So I’ve been thinking about how to connect all of my thoughts on this. So they sort of build from one to the other. Either I’m too lazy or unimaginative, but I’m having trouble connecting everything in a succinct way. So the next week or so may be more like disconnected thoughts rather than an intelligent, well-built argument for my perspective.

Anyway . . . here’s my first thoughts on the story of God, aka scripture.

Growing up the Bible was always kind of the missing part of the Trinity. You had God, you had Jesus, you had the Holy Spirit. In my particular tradition, I got the feeling that people were pissed off that God didn’t make the Bible animate and include it as the 4th person of the Trinity.

As a kid, you pledged allegiance to the bible. You didn’t use it as a coaster. You didn’t lay it on the floor. You held it with both hands. You respected it. It was the “word” and the “word” was alive (excuse my sarcastic tone - while I still believe it speaks and is very much alive, I do so in a way that is way less creepy than the book with arms and legs version that haunted my youth).

It was almost like the thing had eyes. You were scared to make out with a girl if the bible was in the same room because you were scared it would see and run go tell Jesus. You were scared to cuss out your parents under your breath if it was on your dresser. So you had to move it to the closet or the bookcase.

Then again maybe this is all just me and the fault of growing up in a hyper-guilt culture that had me scared straight because God wanted to shoot me until Jesus took the bullet for me.

Either way, you didn’t mess around with the bible. It was serious business. It was like the ark of the covenant. Drop it or mess it up and God might strike you down.

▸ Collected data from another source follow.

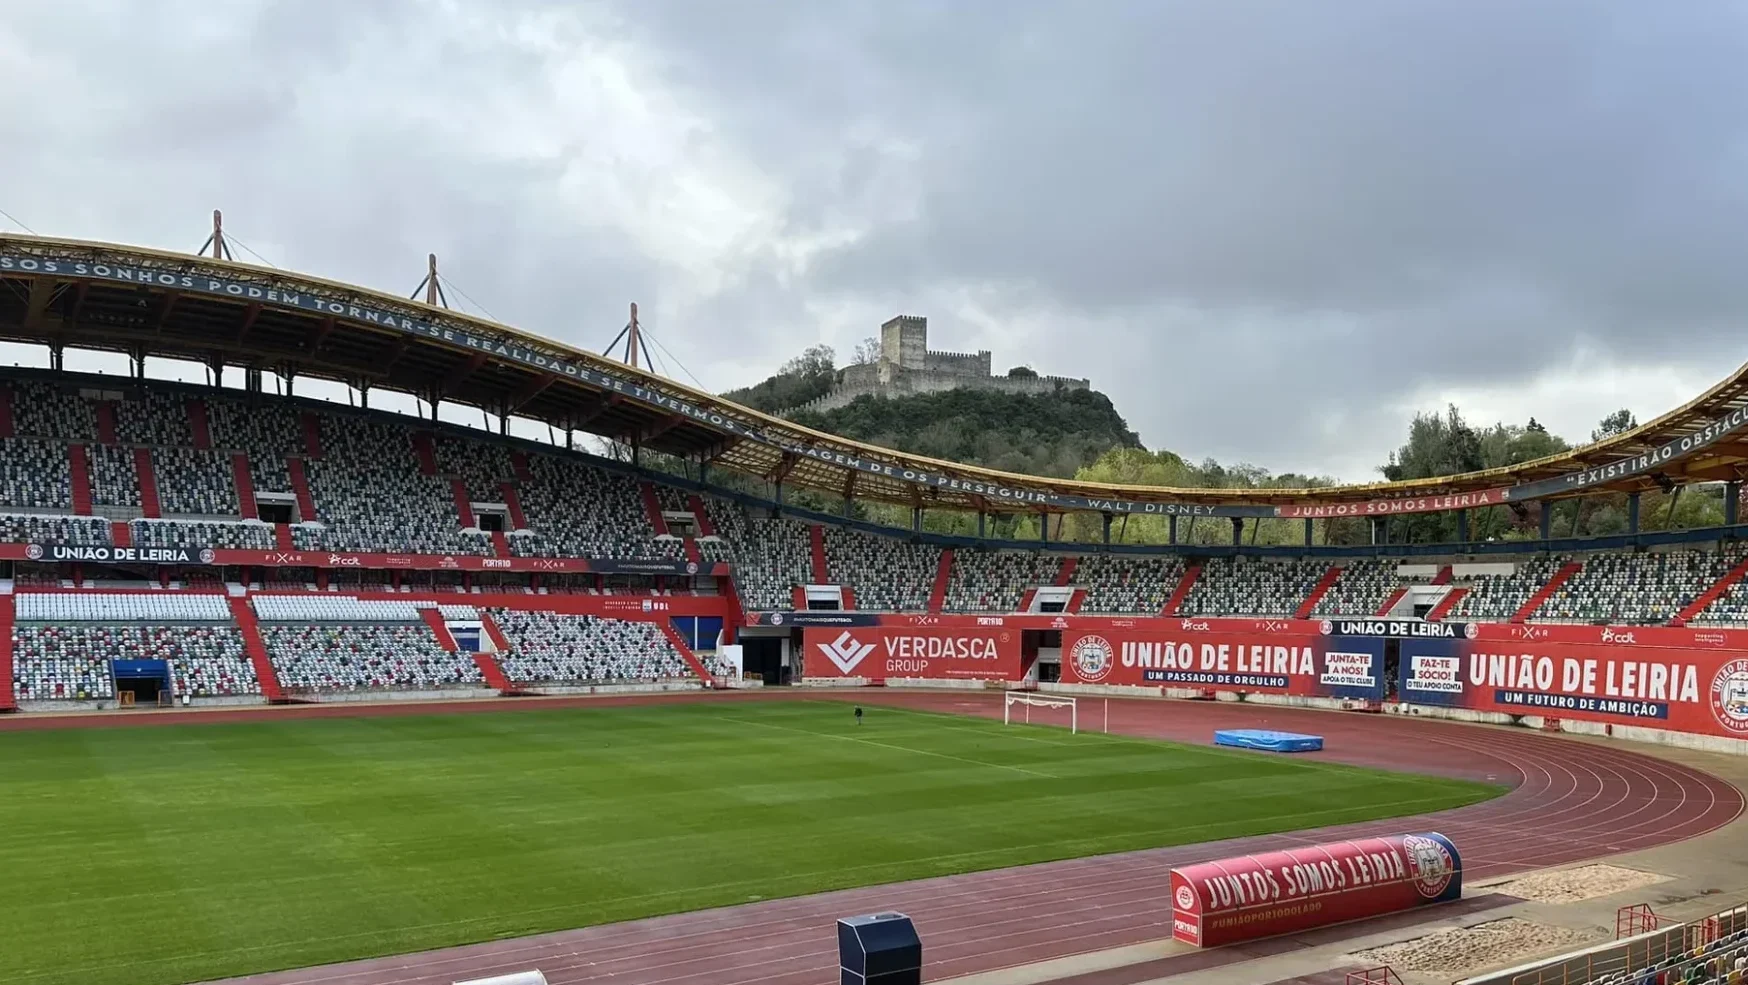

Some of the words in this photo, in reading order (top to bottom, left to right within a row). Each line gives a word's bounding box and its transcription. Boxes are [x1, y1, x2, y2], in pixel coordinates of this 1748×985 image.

[0, 257, 58, 272] SOS
[75, 264, 194, 287] SONHOS
[209, 280, 300, 305] PODEM
[314, 299, 454, 341] TORNAR-SE
[466, 337, 590, 380] REALIDADE
[601, 377, 623, 391] SE
[634, 387, 735, 430] TIVERMOS
[870, 463, 893, 476] DE
[903, 470, 927, 483] OS
[1088, 499, 1134, 512] WALT
[1145, 503, 1216, 515] DISNEY
[1293, 504, 1358, 516] JUNTOS
[1367, 500, 1426, 513] SOMOS
[1434, 493, 1489, 508] LEIRIA
[53, 546, 110, 560] UNIÃO
[114, 548, 136, 560] DE
[140, 549, 190, 561] LEIRIA
[265, 552, 303, 564] FIXAR
[533, 559, 565, 570] FIXAR
[909, 615, 939, 626] FIXAR
[1256, 620, 1289, 632] FIXAR
[1340, 621, 1386, 635] UNIÃO
[1389, 622, 1408, 635] DE
[1411, 622, 1455, 637] LEIRIA
[1511, 626, 1549, 639] FIXAR
[884, 635, 998, 660] VERDASCA
[886, 659, 929, 672] GROUP
[1121, 641, 1194, 669] UNIÃO
[1202, 643, 1229, 671] DE
[1237, 644, 1315, 675] LEIRIA
[1328, 655, 1369, 665] JUNTA-TE
[1420, 658, 1450, 668] FAZ-TE
[1332, 665, 1339, 673] A
[1341, 666, 1364, 675] NÓS!
[1418, 669, 1451, 680] SÓCIO!
[1148, 671, 1164, 681] UM
[1167, 672, 1216, 683] PASSADO
[1218, 675, 1231, 684] DE
[1234, 676, 1285, 687] ORGULHO
[1469, 653, 1554, 691] UNIÃO
[1562, 657, 1598, 694] DE
[1605, 660, 1700, 703] LEIRIA
[1712, 664, 1735, 693] UNIÃO
[1505, 692, 1524, 704] UM
[1528, 694, 1576, 708] FUTURO
[1579, 699, 1596, 710] DE
[1600, 699, 1658, 717] AMBIÇÃO
[1204, 869, 1281, 909] JUNTOS
[1281, 859, 1346, 894] SOMOS
[1349, 850, 1406, 885] LEIRIA

Or make you celibate.

All of this played part in creating a super-spiritual, dare I even say holy mystique around the book with the gold trimmed pages. If you were reading it, God was there. If you were reading it, God was talking to you. If you were reading it, God was making sure you “got it”.

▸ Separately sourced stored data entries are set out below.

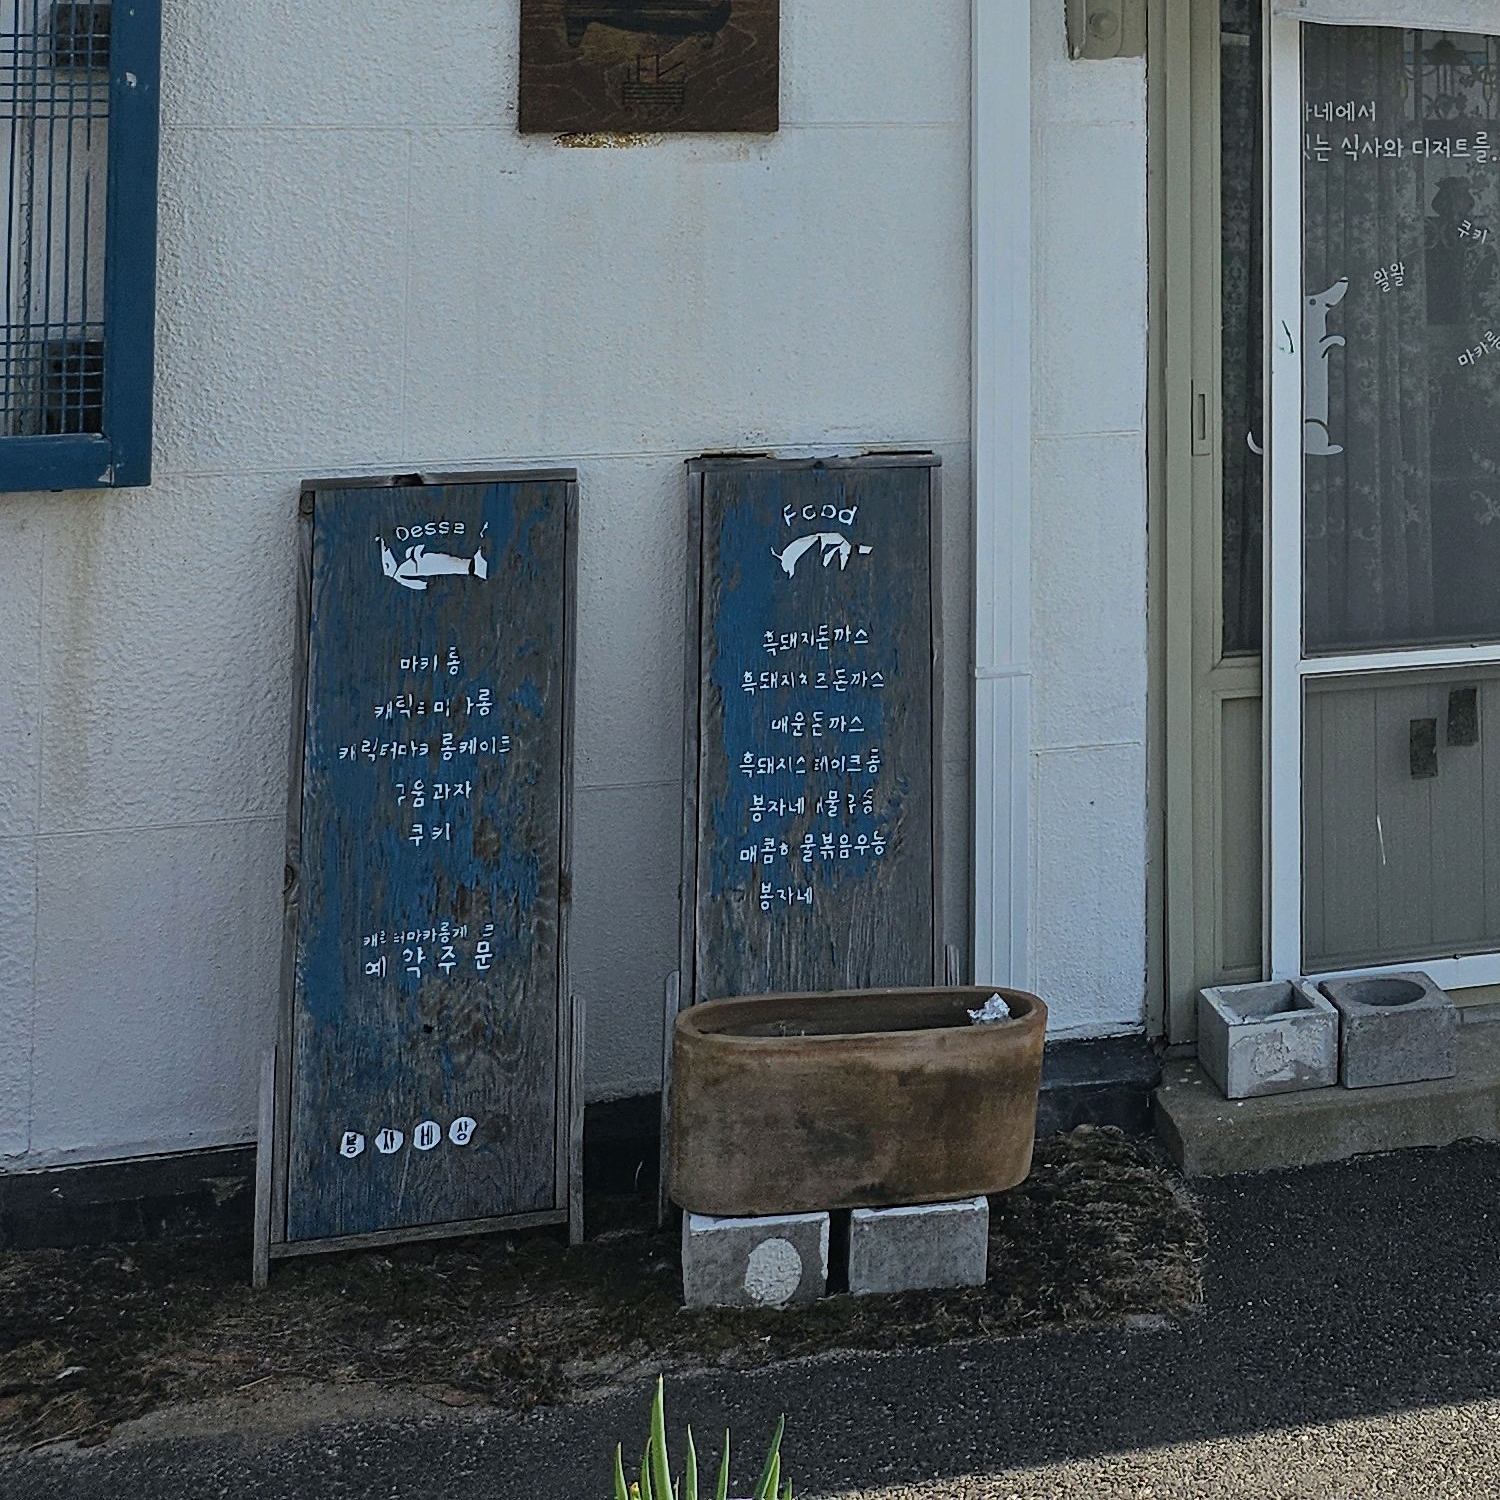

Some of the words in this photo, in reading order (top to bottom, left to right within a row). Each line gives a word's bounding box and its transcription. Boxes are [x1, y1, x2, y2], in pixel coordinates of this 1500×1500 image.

[1341, 134, 1402, 161] 식사와
[1457, 220, 1488, 244] 쿠키
[1373, 261, 1405, 293] 왈왈
[762, 624, 869, 656] 흑돼지돈까스
[408, 823, 451, 846] 쿠키
[759, 881, 814, 911] 봉자네

While I think God is very much a part of his own story and extremely interested in my understanding of how his story has unfolded through the ages, I think I got a raw deal as a kid.

If you asked me to give you the first word that came to my mind when I thought of the bible, I would have said “holy”. After all it was right there on the front.

If you asked me now, I think I would say “human”.

I never saw the humanity of the bible growing up. I never saw the authors. I never saw their circumstances. I never saw their context.

I would read a story in the Old Testament and immediately say “Jesus said let my people go”. Or I’d read about Paul’s conversations with Timothy and instead of seeing Paul and Timothy, I would internalize the story as Jesus lecturing Timothy.

There were no characters. Or rather they were minimized. They kind of got in the way. They were mild annoyances.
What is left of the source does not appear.